- RECORDS TO PROCESS:
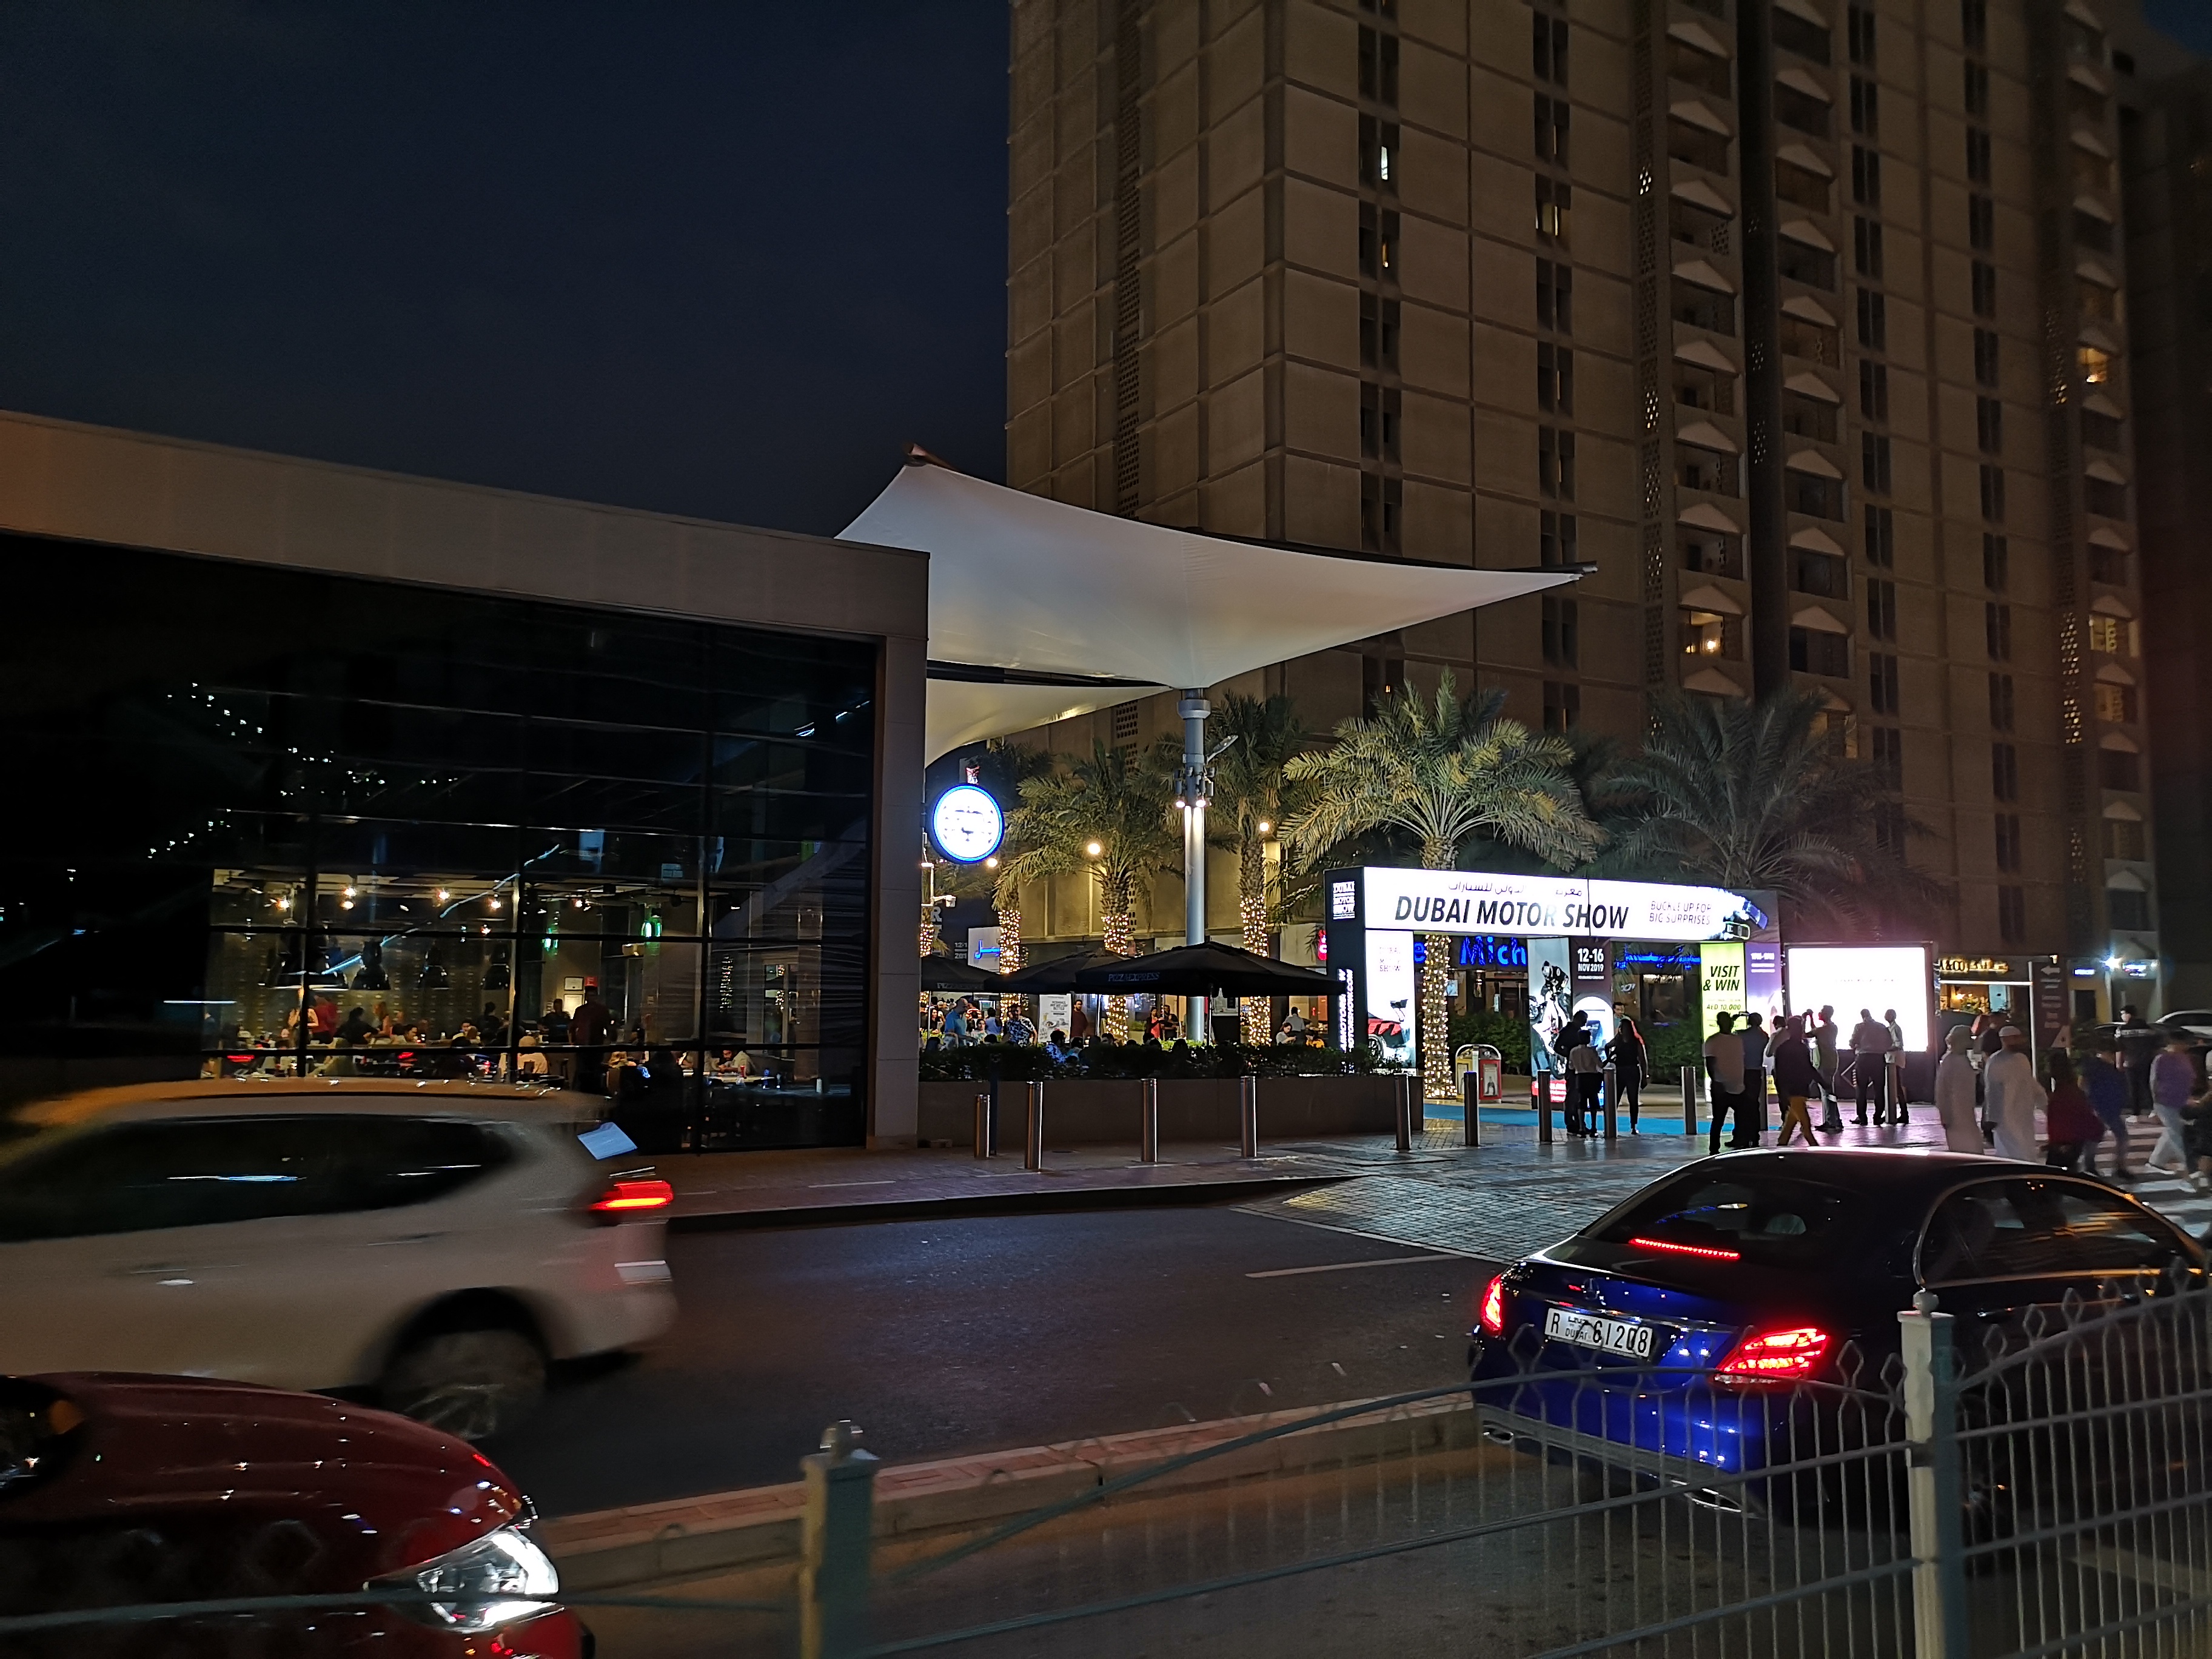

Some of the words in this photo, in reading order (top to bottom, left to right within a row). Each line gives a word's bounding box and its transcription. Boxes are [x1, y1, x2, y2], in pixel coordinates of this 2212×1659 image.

[1395, 896, 1470, 923] DUBAI
[1476, 900, 1557, 927] MOTOR
[1563, 903, 1629, 929] SHOW
[1684, 902, 1694, 912] UP
[1649, 913, 1663, 923] BIG
[1666, 914, 1710, 925] SURPRISES
[1577, 948, 1604, 962] 12-16
[1578, 963, 1590, 972] NOV
[1591, 964, 1604, 972] 2019
[1710, 965, 1740, 977] VISIT
[1703, 979, 1712, 991] &
[1715, 979, 1740, 991] WIN
[1550, 1313, 1560, 1334] R
[1592, 1320, 1648, 1353] 61208

- PROBLEM: When you copy the data, keep every line exact and leave out each picture.

- SOLUTION TO THIS TASK:
Some of the words in this photo, in reading order (top to bottom, left to right within a row). Each line gives a word's bounding box and its transcription. Boxes are [x1, y1, x2, y2], in pixel coordinates of this 2212×1659 image.

[1395, 896, 1470, 923] DUBAI
[1476, 900, 1557, 927] MOTOR
[1563, 903, 1629, 929] SHOW
[1684, 902, 1694, 912] UP
[1649, 913, 1663, 923] BIG
[1666, 914, 1710, 925] SURPRISES
[1577, 948, 1604, 962] 12-16
[1578, 963, 1590, 972] NOV
[1591, 964, 1604, 972] 2019
[1710, 965, 1740, 977] VISIT
[1703, 979, 1712, 991] &
[1715, 979, 1740, 991] WIN
[1550, 1313, 1560, 1334] R
[1592, 1320, 1648, 1353] 61208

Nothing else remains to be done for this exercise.